I'm trying to perform a query that returns an aggregation of values from the same table with information from others through a foreign key, but I can't. In the example below, I wanted to return the total sales by state on 2020-01-01 and 2021-01-01, showing the name of the state.
Tables script:
CREATE TABLE IF NOT EXISTS estado (
id SERIAL PRIMARY KEY,
estado VARCHAR(100)
)
CREATE TABLE IF NOT EXISTS municipio (
id SERIAL PRIMARY KEY,
estado integer REFERENCES estado(id),
municipio VARCHAR(100)
)
CREATE TABLE IF NOT EXISTS vendas (
id SERIAL PRIMARY KEY,
municipio integer REFERENCES municipio(id),
valor numeric,
data_venda date
)
INSERT INTO estado VALUES (1, 'PR');
INSERT INTO estado VALUES (2, 'SC');
INSERT INTO estado VALUES (3, 'RS');
INSERT INTO municipio VALUES (1, 1, 'Pelotas');
INSERT INTO municipio VALUES (2, 1, 'Caxias do Sul');
INSERT INTO municipio VALUES (3, 1, 'Porto Alegre');
INSERT INTO municipio VALUES (4, 2, 'Florianopolis');
INSERT INTO municipio VALUES (5, 2, 'Chapeco');
INSERT INTO municipio VALUES (6, 2, 'Itajai');
INSERT INTO municipio VALUES (7, 3, 'Curitiba');
INSERT INTO municipio VALUES (8, 3, 'Maringa');
INSERT INTO municipio VALUES (9, 3, 'Foz do Iguaçu');
INSERT INTO vendas VALUES (1, 6, 5, '2020-01-01');
INSERT INTO vendas VALUES (2, 5, 10, '2021-01-01');
INSERT INTO vendas VALUES (3, 5, 5, '2020-01-01');
INSERT INTO vendas VALUES (4, 4, 2, '2020-01-01');
INSERT INTO vendas VALUES (5, 3, 10, '2021-01-01');
INSERT INTO vendas VALUES (6, 3, 12, '2020-01-01');
INSERT INTO vendas VALUES (7, 3, 20, '2020-01-01');
INSERT INTO vendas VALUES (8, 2, 10, '2020-01-01');
INSERT INTO vendas VALUES (9, 1, 11, '2021-01-01');
INSERT INTO vendas VALUES (10, 9, 4, '2020-01-01');
My attempt (absurd values and the RS ones do not appear):
SELECT
e.estado, SUM(v.valor) as sum2021, SUM(v2.valor) as sum2020
FROM vendas v
CROSS JOIN vendas v2
INNER JOIN municipio m ON v.municipio = m.id
INNER JOIN estado e ON m.estado = e.id
WHERE v.data_venda = '2021-01-01'
AND v2.data_venda = '2020-01-01'
GROUP BY 1;
Translating some terms:
município = city
estado = state
vendas = sales
valor = value
data_venda = date of sale
CodePudding user response:
You're cross joining vendas
with itself (as v1
and v2
), meaning that each row from it will be matched with each other row (i.e., a Cartesian product), which creates the unexpected results you're seeing.

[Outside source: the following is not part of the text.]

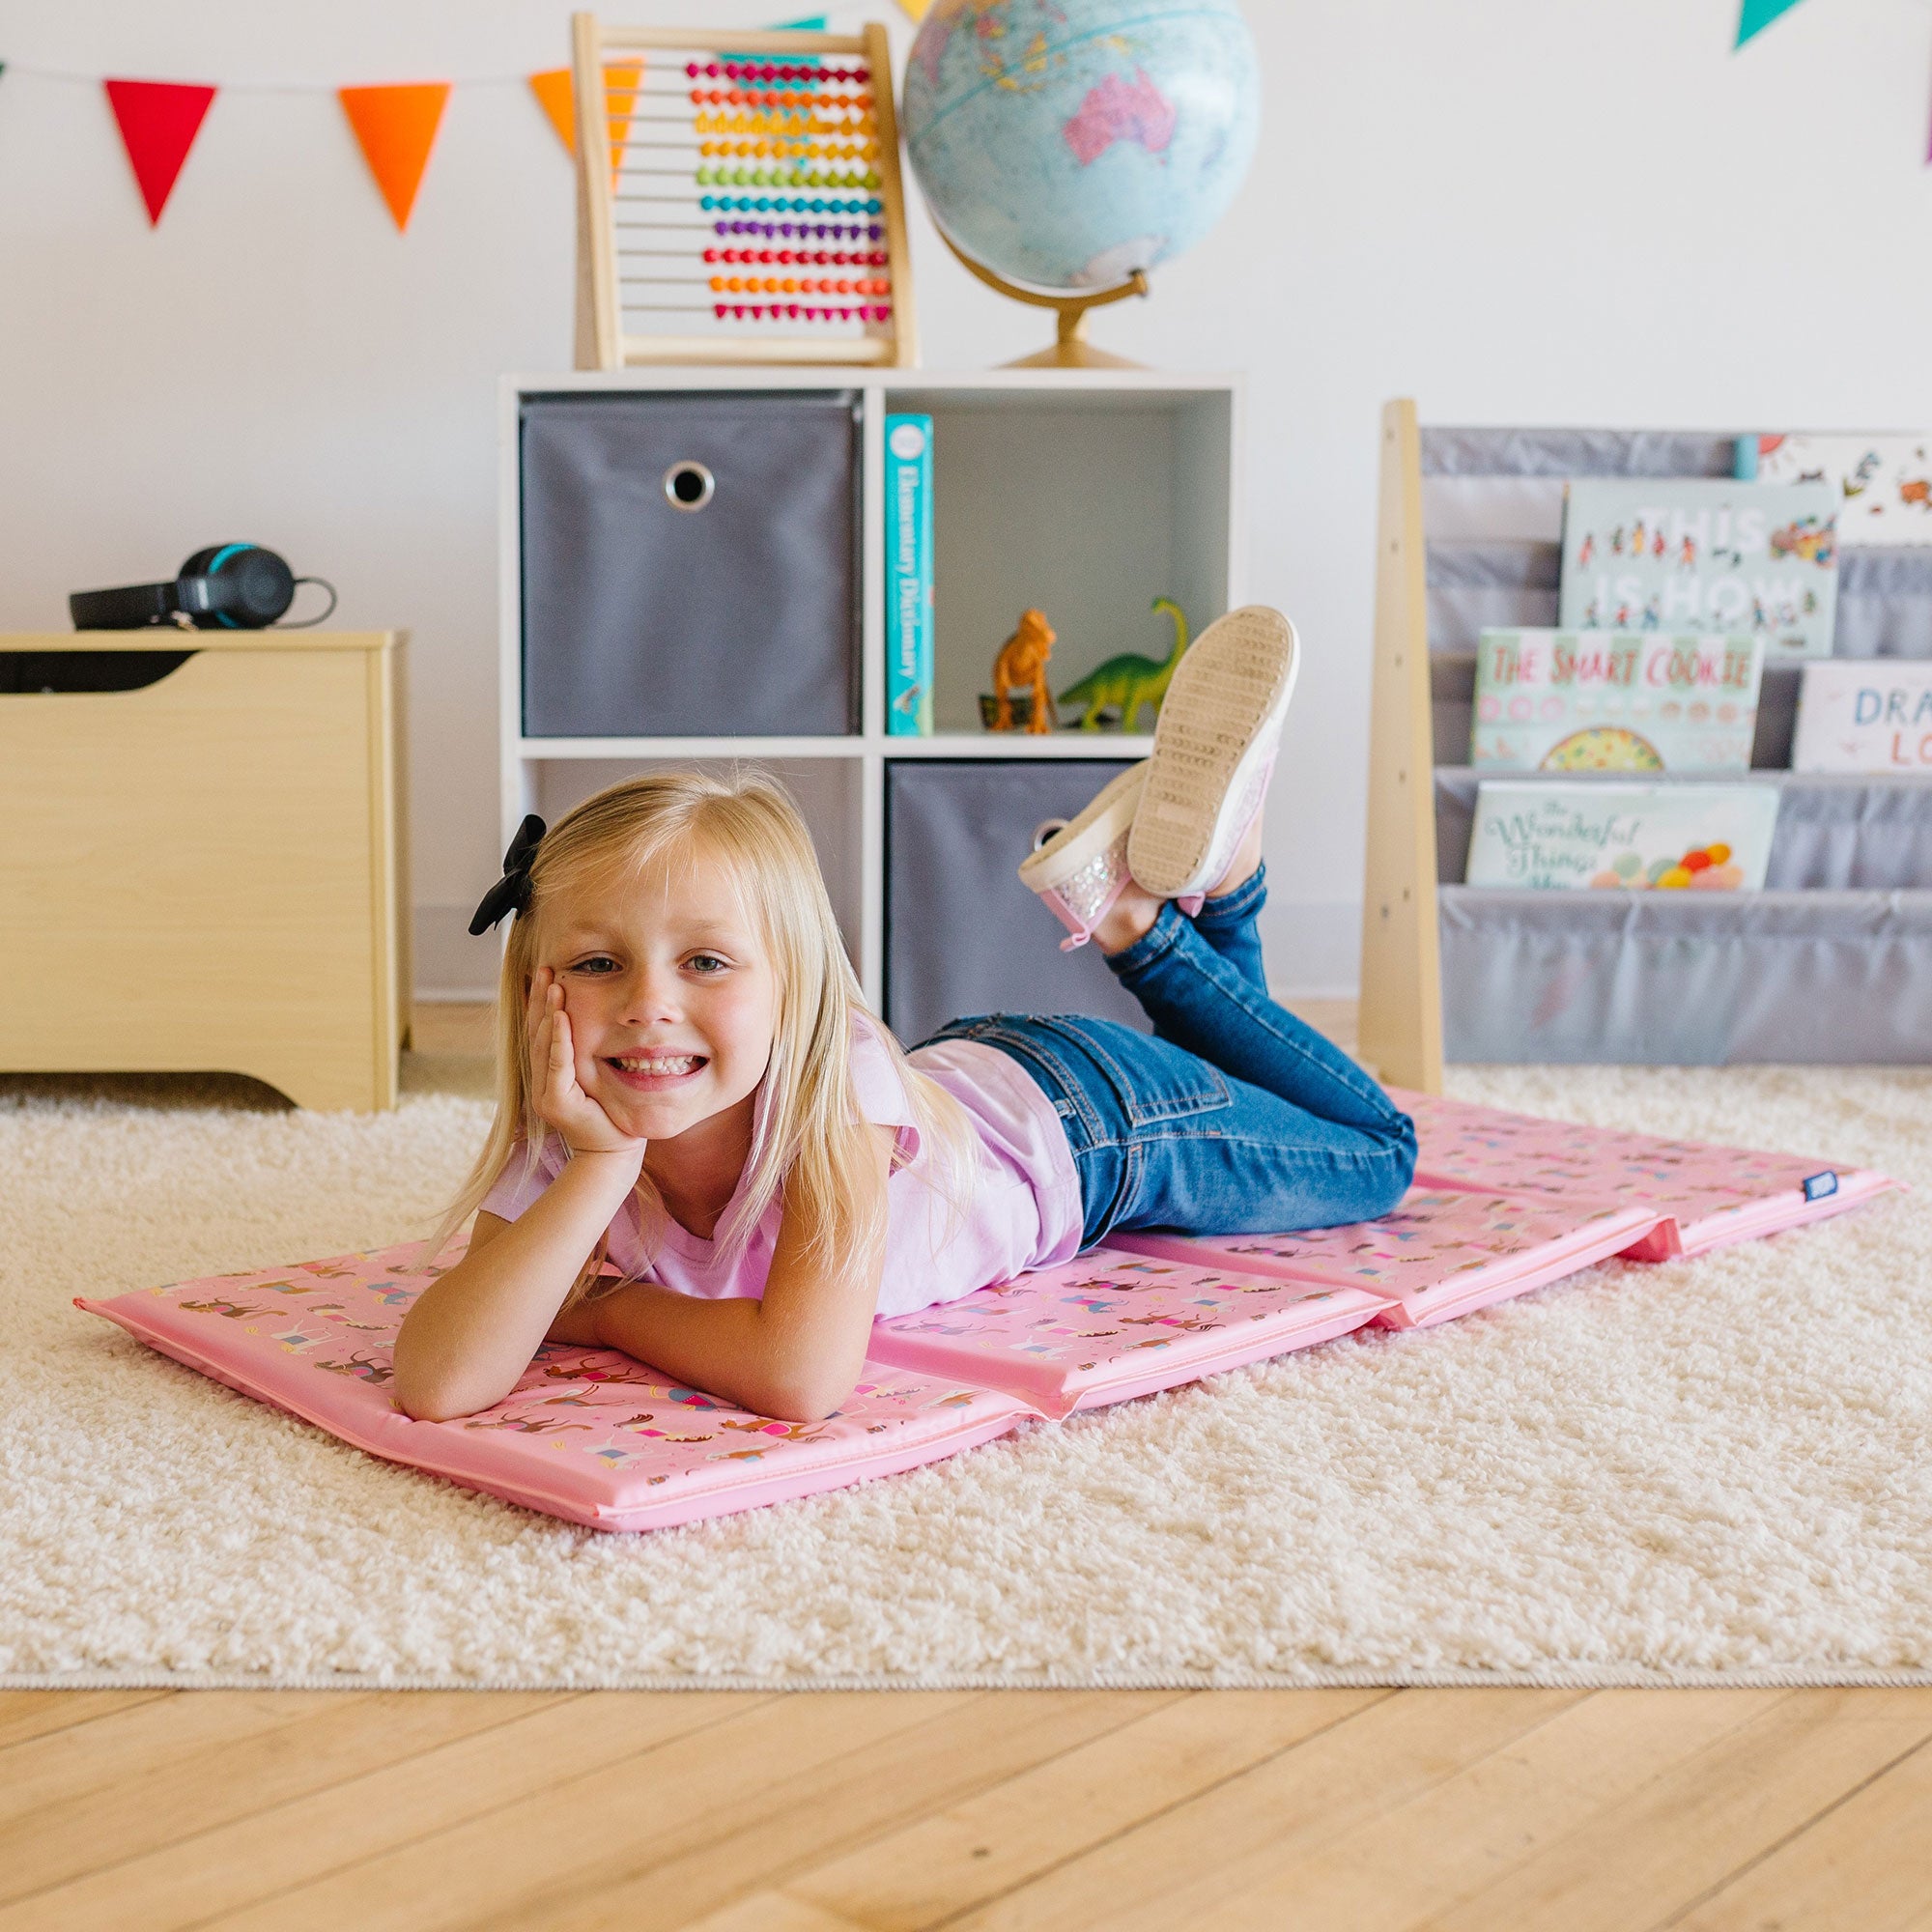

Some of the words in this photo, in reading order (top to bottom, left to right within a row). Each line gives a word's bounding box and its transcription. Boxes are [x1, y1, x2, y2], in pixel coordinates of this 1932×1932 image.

The good news is that you don't need this join. You can use an aggregate function (sum
in this case) on a subset of the rows from the query using the filter
clause:
SELECT
e.estado,
SUM(v.valor) FILTER (WHERE data_venda = '2021-01-01') AS sum2021,
SUM(v.valor) FILTER (WHERE data_venda = '2020-01-01') AS sum2020
FROM vendas v
INNER JOIN municipio m ON v.municipio = m.id
INNER JOIN estado e ON m.estado = e.id
GROUP BY
e.estado;